Most of the ATP made by mitochondria is produced by the ETC (16). Yet the ETC requires three products from the TCA cycle – NADH, succinate, and FADH2 – to initiate ETC oxidative phosphorylation with ETC complexes I and II (16). NADH is the reduced coenzyme form of vitamin B3, while FADH2 is the reduced coenzyme form of vitamin B2. A glance at diagram 2 will show the essentiality of B vitamins for efficient TCA action. It is in the coenzyme form that B vitamins serve to activate TCA cycle enzymes, as well as begin the activity of ETC complex I and II. Ames and colleagues point out that “High levels of vitamins have been used successfully to treat many human genetic diseases…. The therapeutic vitamin regimens work by increasing intracellular coenzyme concentrations, stimulating a defective enzyme….” (10). Ames et al believe that during aging, oxidation of proteins deforms them and “…thus decreases the affinity of many enzymes for their substrates or coenzymes.” (10) Thus, through the law of mass action, supplying higher-than-RD levels of B vitamins many increase co-enzyme binding to the (oxidant damaged) enzymes, thereby increasing age/oxidant damaged enzyme activity. 10 -100mg B1 and B2, 25 -100mg B6, 50 – 250mg B3, 50 – 200mg B5 (pantothenic acid), 300 – 10,000 mcg biotin, and 100 – 1000 mcg B12 may help stimulate TCA activity, with consequent increase in ETC ATP production.
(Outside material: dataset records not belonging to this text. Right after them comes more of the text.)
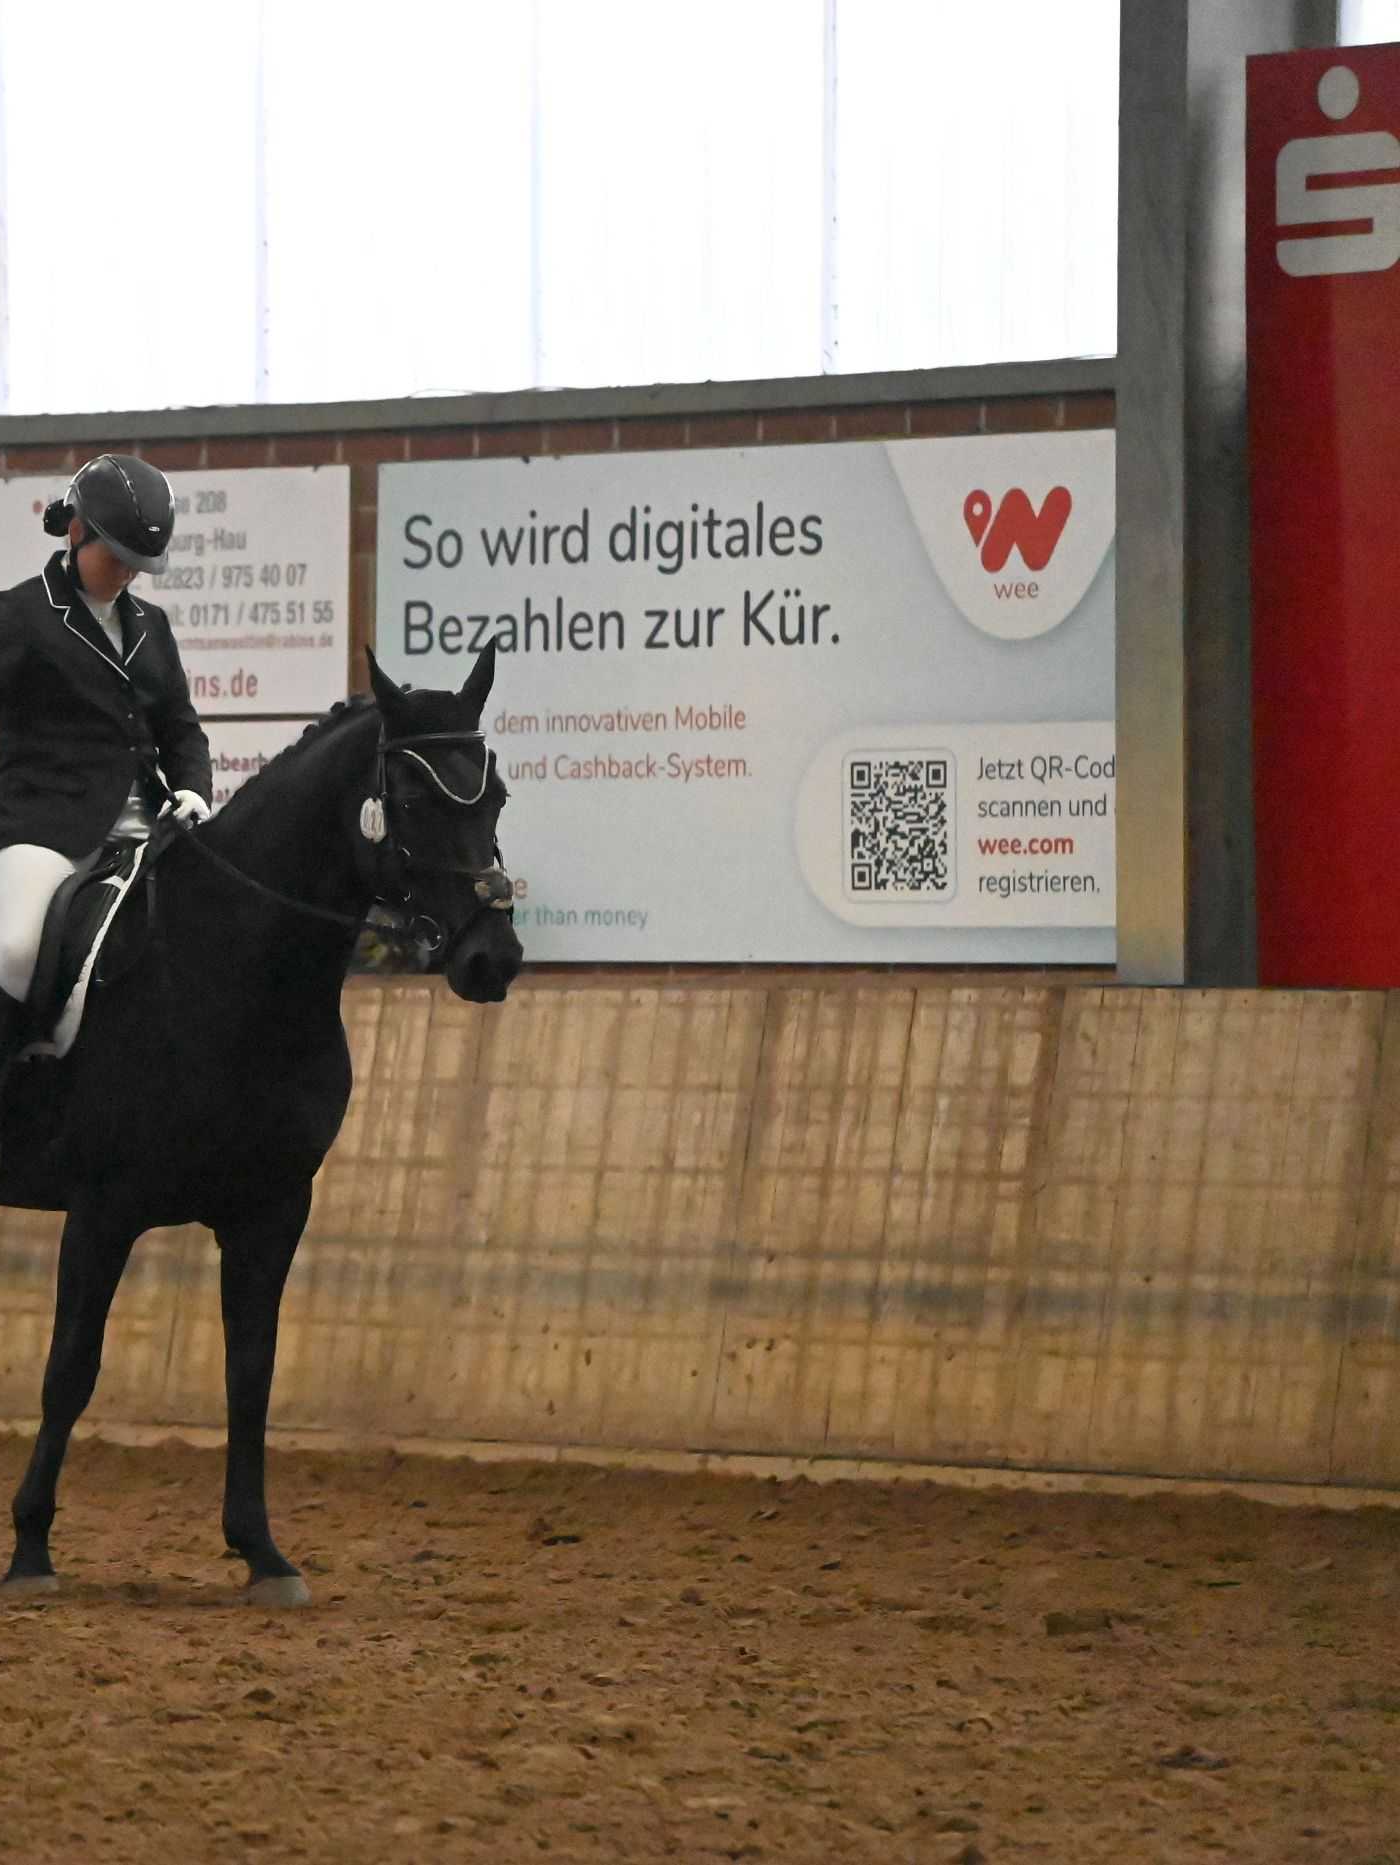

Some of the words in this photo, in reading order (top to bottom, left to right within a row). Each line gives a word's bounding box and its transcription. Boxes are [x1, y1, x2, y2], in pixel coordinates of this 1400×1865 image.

[403, 514, 463, 569] So
[481, 508, 589, 567] wird
[608, 501, 823, 575] digitales
[221, 565, 254, 590] 975
[260, 563, 281, 588] 40
[286, 562, 308, 586] 07
[993, 581, 1039, 599] wee
[189, 604, 230, 628] 0171
[249, 602, 281, 626] 475
[286, 602, 306, 624] 51
[312, 601, 334, 624] 55
[403, 597, 625, 656] Bezahlen
[644, 606, 726, 649] zur
[743, 588, 841, 647] Kür.
[494, 709, 540, 736] dem
[546, 705, 667, 735] innovativen
[674, 704, 747, 732] Mobile
[507, 754, 548, 781] und
[553, 751, 752, 783] Cashback-System.
[977, 757, 1025, 781] Jetzt
[977, 798, 1063, 818] scannen
[1068, 793, 1108, 817] und
[977, 837, 1074, 856] wee.com
[978, 870, 1101, 898] registrieren.
[535, 902, 578, 926] than
[584, 907, 649, 930] money
Acetyl-L-Carnitine (ALCAR) is a natural constituent of the inner mitochondrial membrane, especially in heart, brain, and muscle (8,10), where it serves as a precursor for acetyl CoA, the start of TCA (8). ALCAR shifts energy production in the aging brain from glycolytic (sugar-burning in the cytosol) to mitochondrial pathways (8). Chronic feeding of ALCAR to rats reduces lipofuscin accumulation in prefrontal cortex and hippocampus neurons in rats (8), and lipofuscin is in large part the waste product of mitochondrial membrane debris (9). Feeding ALCAR to rats completely reverses the age-related decrease in the critical membrane phospholipid cardiolipin (CDL). CDL is essential for the proper structural positioning and functioning of key ETC membrane components, including cytochrome oxidase (complex IV), the adenine nucleotide translocator (necessary to send ATP from the mitochondria to the cell where it is needed), ATP synthase (complex V, which converts ADP to ATP), the phosphate transporter, and more (8).
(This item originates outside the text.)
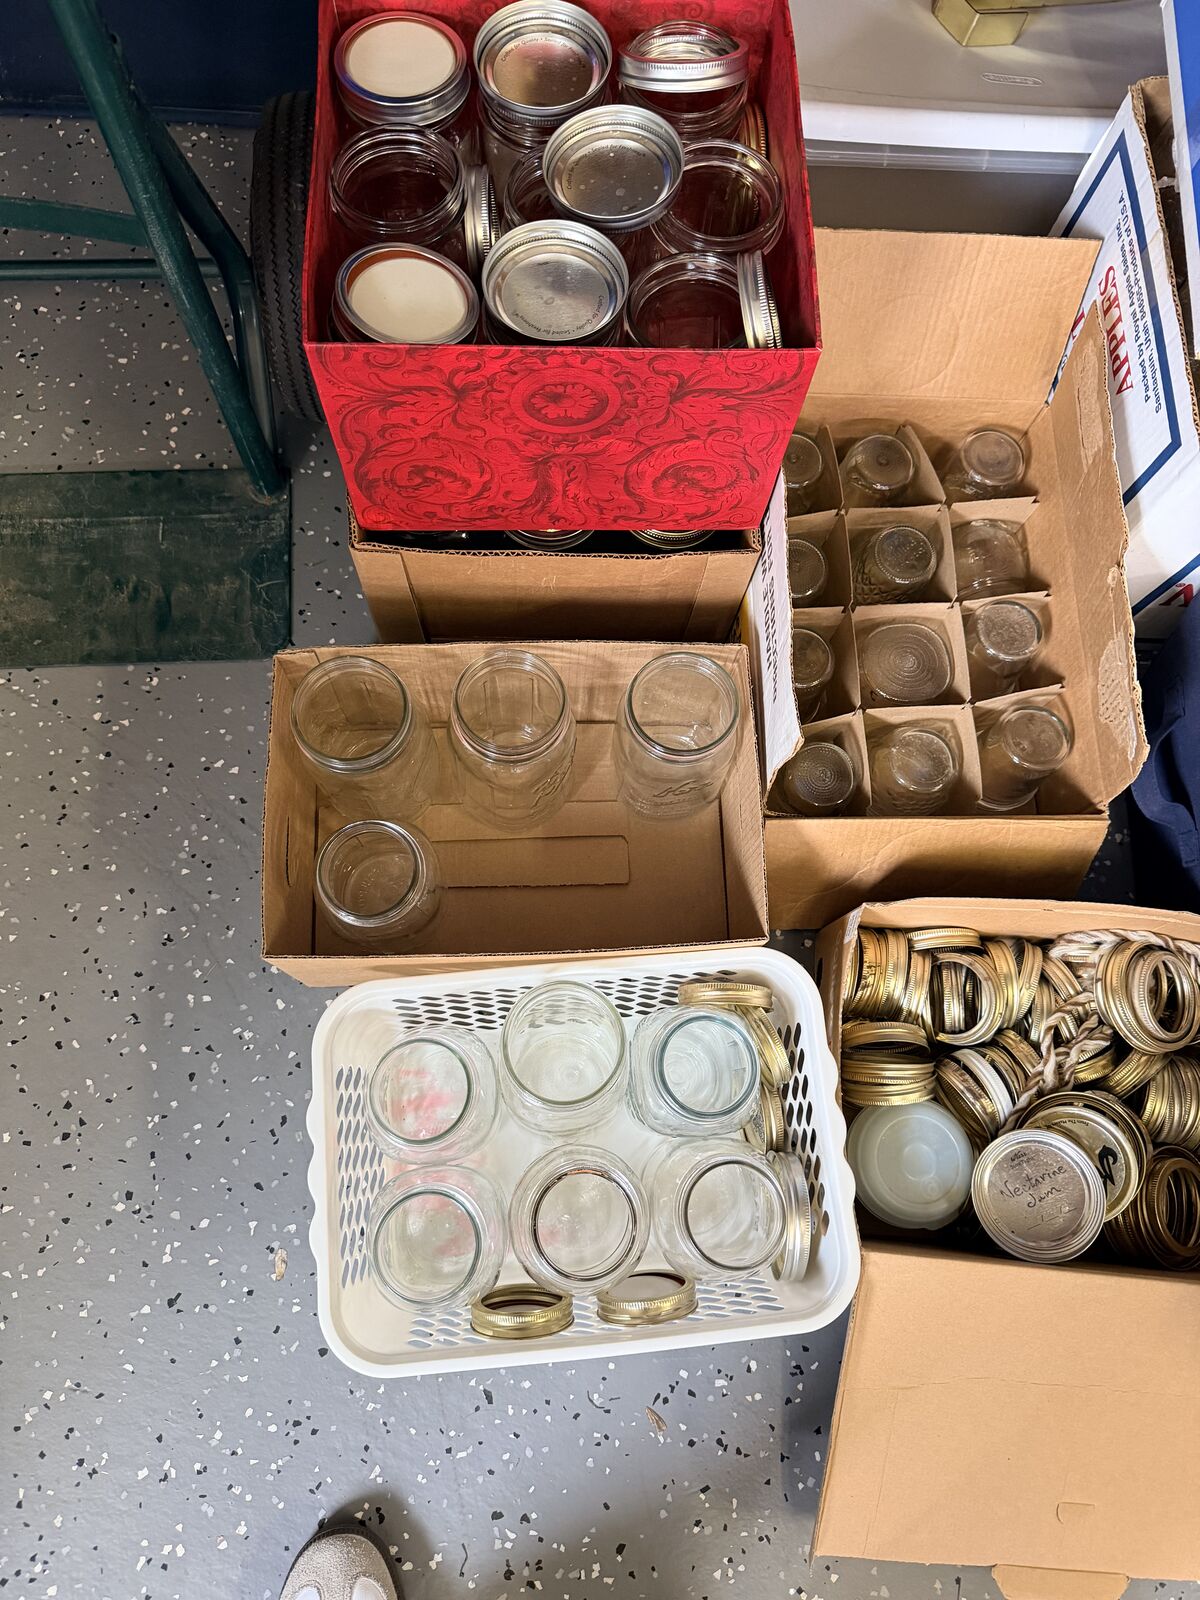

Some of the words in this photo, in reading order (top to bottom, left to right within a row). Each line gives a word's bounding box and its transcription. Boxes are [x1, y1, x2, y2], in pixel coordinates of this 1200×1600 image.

When ALCAR is combined with R-lipoic acid (LA), there is a profound regeneration of aging rats. “ALCAR + LA partially reversed the age-related decline in average mitochondrial membrane potential [which drives ATP production] and significantly increased… hepatocellular [liver cell] O2 consumption, indicating that mitochondrial-supported cellular metabolism was markedly improved by this feeding regimen. ALCAR + LA also increased ambulatory [movement] activity in both young and old rats; moreover, the improvement was significantly greater in old rats… and also greater when compared with old rats fed ALCAR or LA alone…. The hepatocellular ascorbate [vitamin C] level markedly declined with age… but was restored to the level seen in young rats when ALCAR + LA was given. The level of malondialdehyde [a toxic mitochondrial lipid oxidant product], which was significantly higher… in old versus young rats, also declined after ALCAR + LA supplementation… [to the level] of young unsupplemented rats…. [M]any of the cellular effects of caloric restriction, which does increase life span, are also affected [similarly] by ALCAR + LA supplementation.” (17). A daily dosage of 750-1500mg ALCAR twice daily plus 50mg – 100mg R-lipoic acid two or three times daily thus seems a prudent way to reverse mitochondrial aging.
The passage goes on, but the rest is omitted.